Your instructions -> Leave every image out, and print the remaining lines below exactly.

Information provided ->
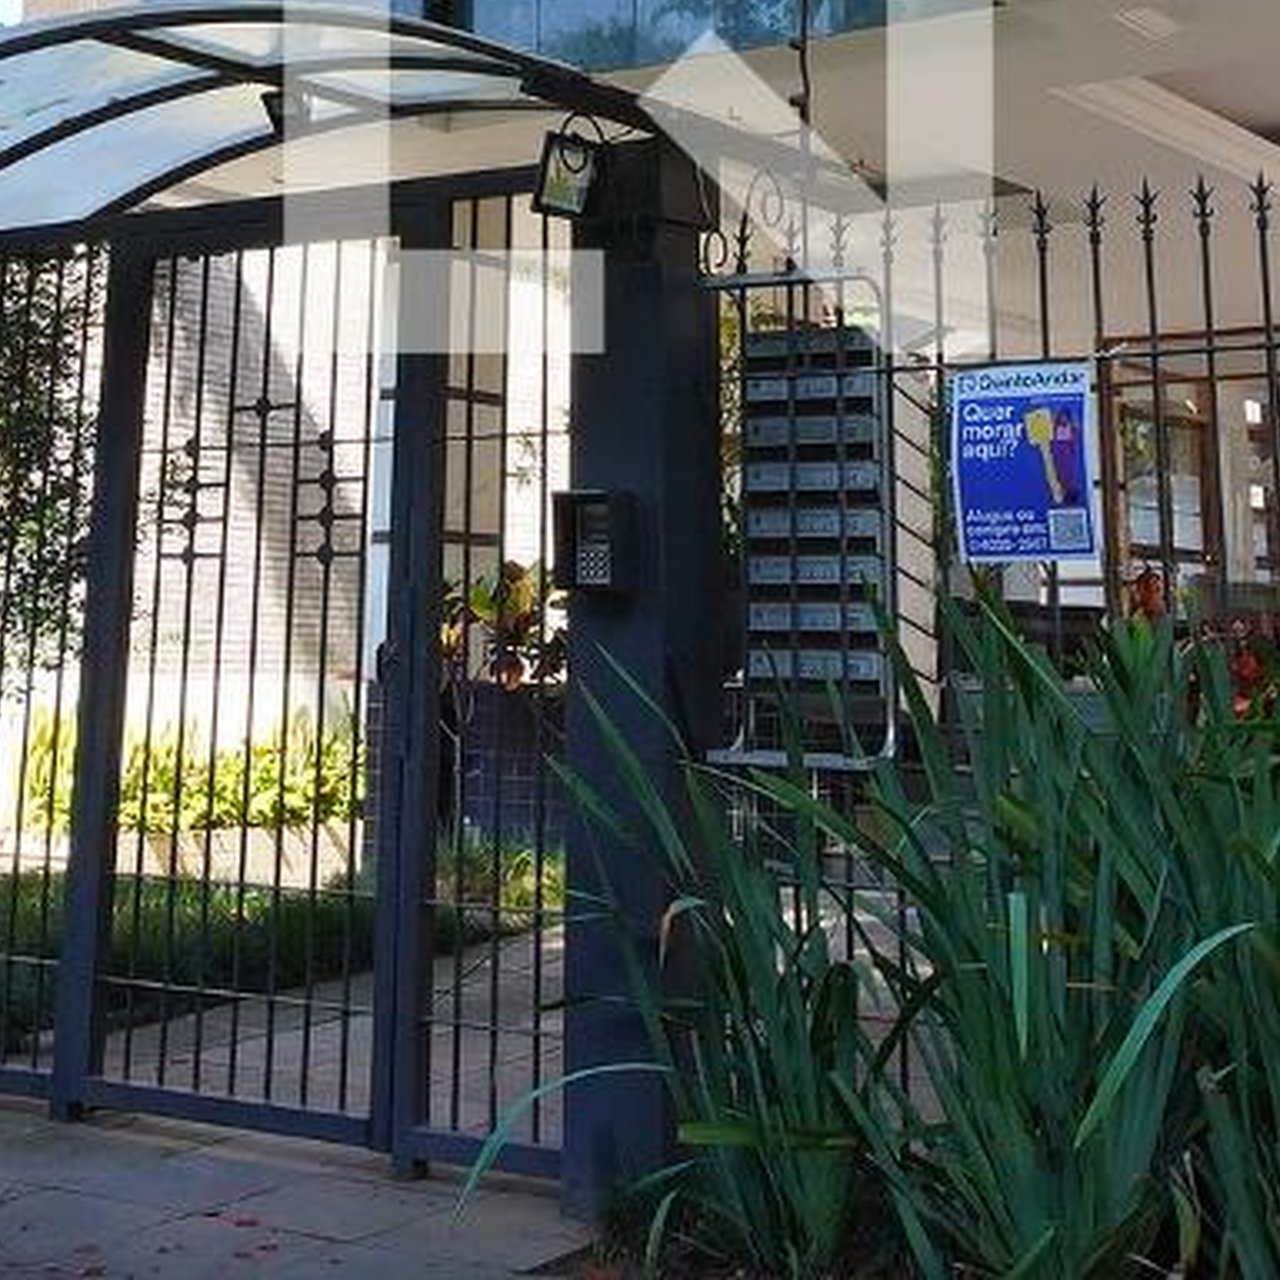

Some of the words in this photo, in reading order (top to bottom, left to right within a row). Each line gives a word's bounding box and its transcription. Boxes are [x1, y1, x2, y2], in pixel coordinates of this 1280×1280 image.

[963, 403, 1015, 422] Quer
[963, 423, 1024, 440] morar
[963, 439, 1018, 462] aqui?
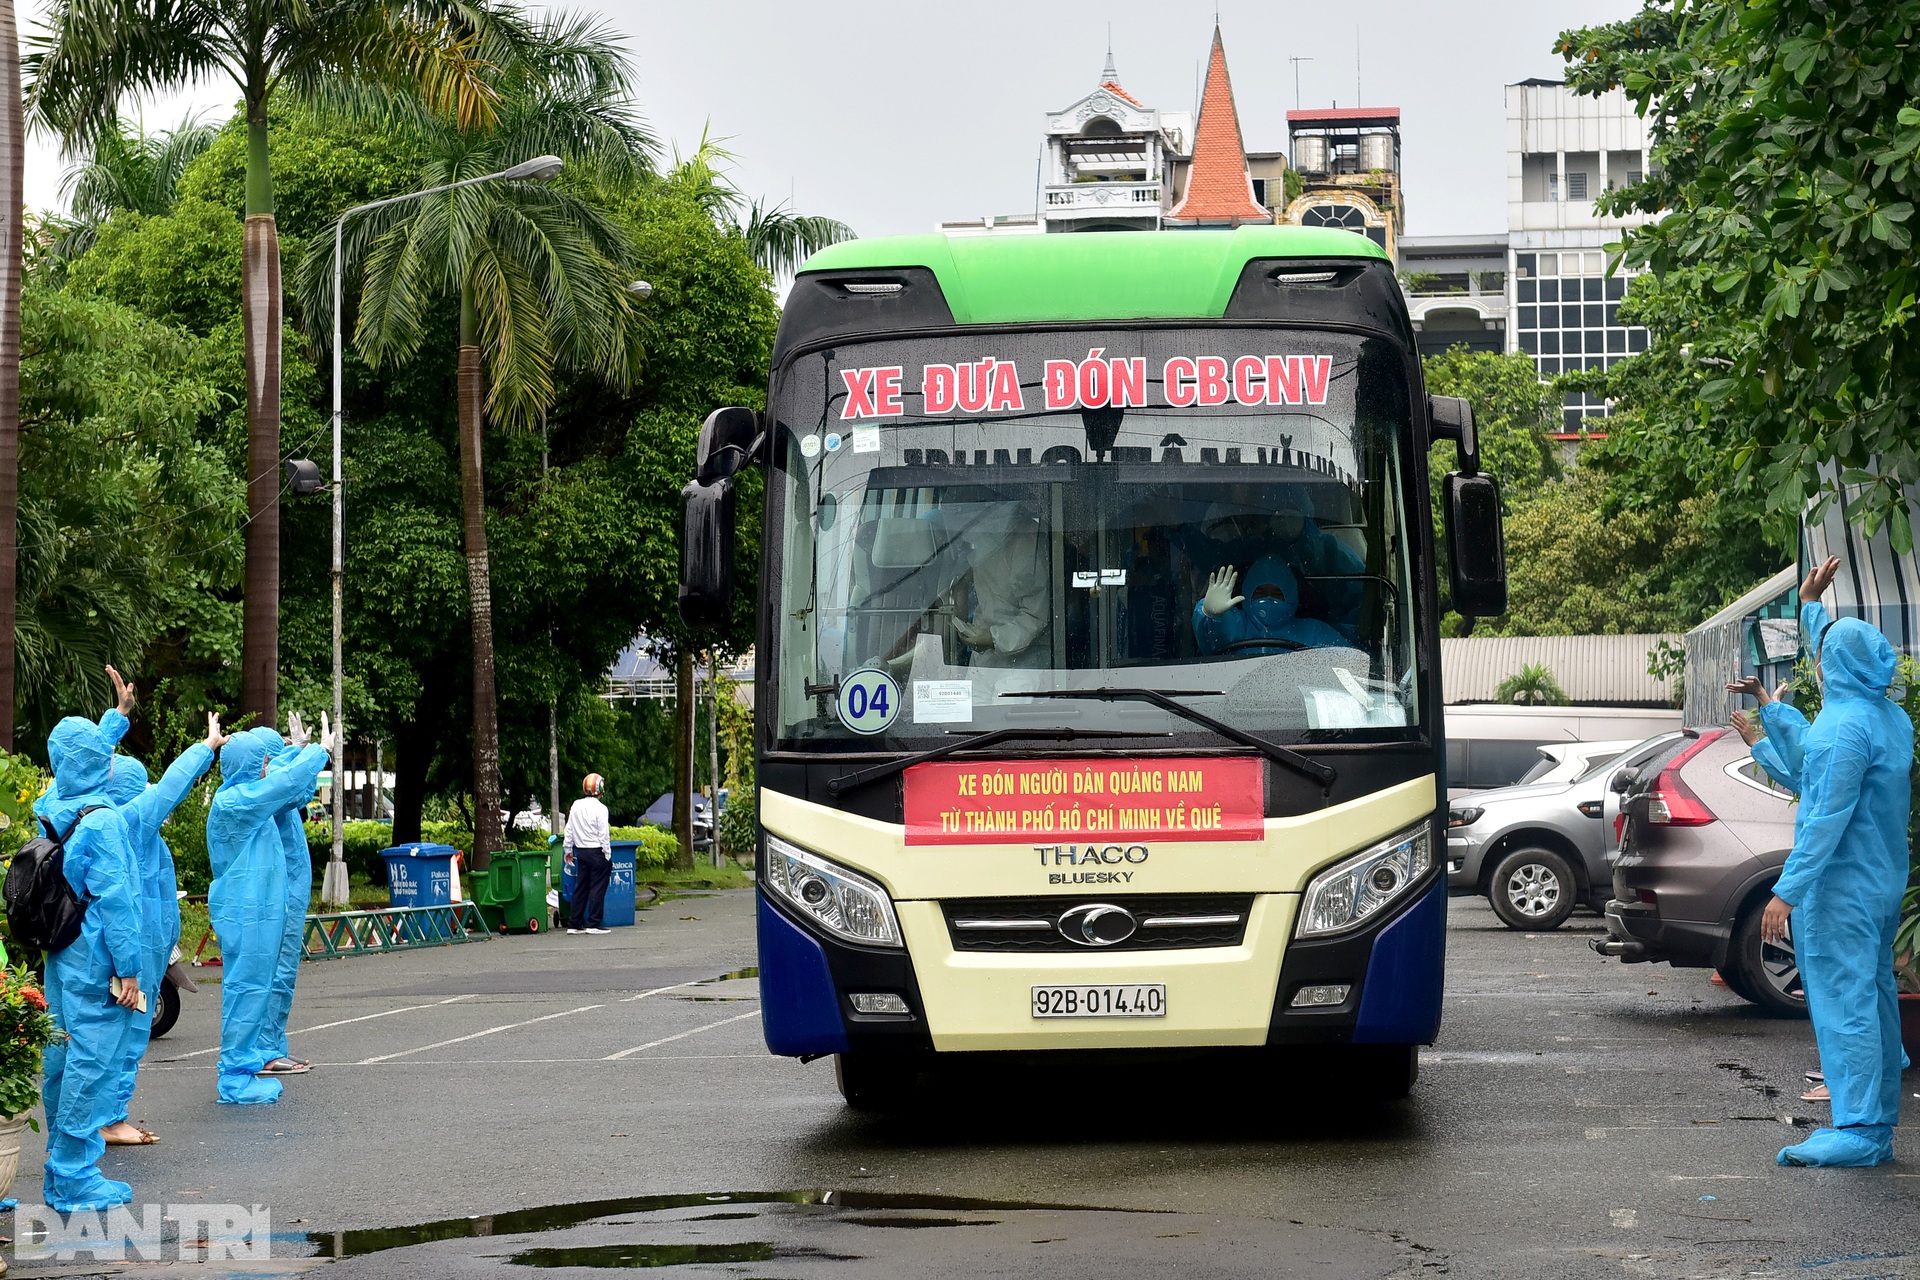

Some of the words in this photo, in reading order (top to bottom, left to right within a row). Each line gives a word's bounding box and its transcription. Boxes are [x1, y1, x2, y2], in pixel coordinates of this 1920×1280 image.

Finished exercise ->
Some of the words in this photo, in reading order (top to bottom, left to right within a row). Each line gives a word's bounding box and its transcription. Boxes are [x1, y1, x2, y2], in pixel coordinates of this 1280×1280 image.

[963, 403, 1015, 422] Quer
[963, 423, 1024, 440] morar
[963, 439, 1018, 462] aqui?

Some of the words in this photo, in reading order (top to bottom, left to right within a row). Each line gives a word's bounding box and its transcription. Boxes are [x1, y1, x2, y2], in pixel coordinates of this 1920×1280 image.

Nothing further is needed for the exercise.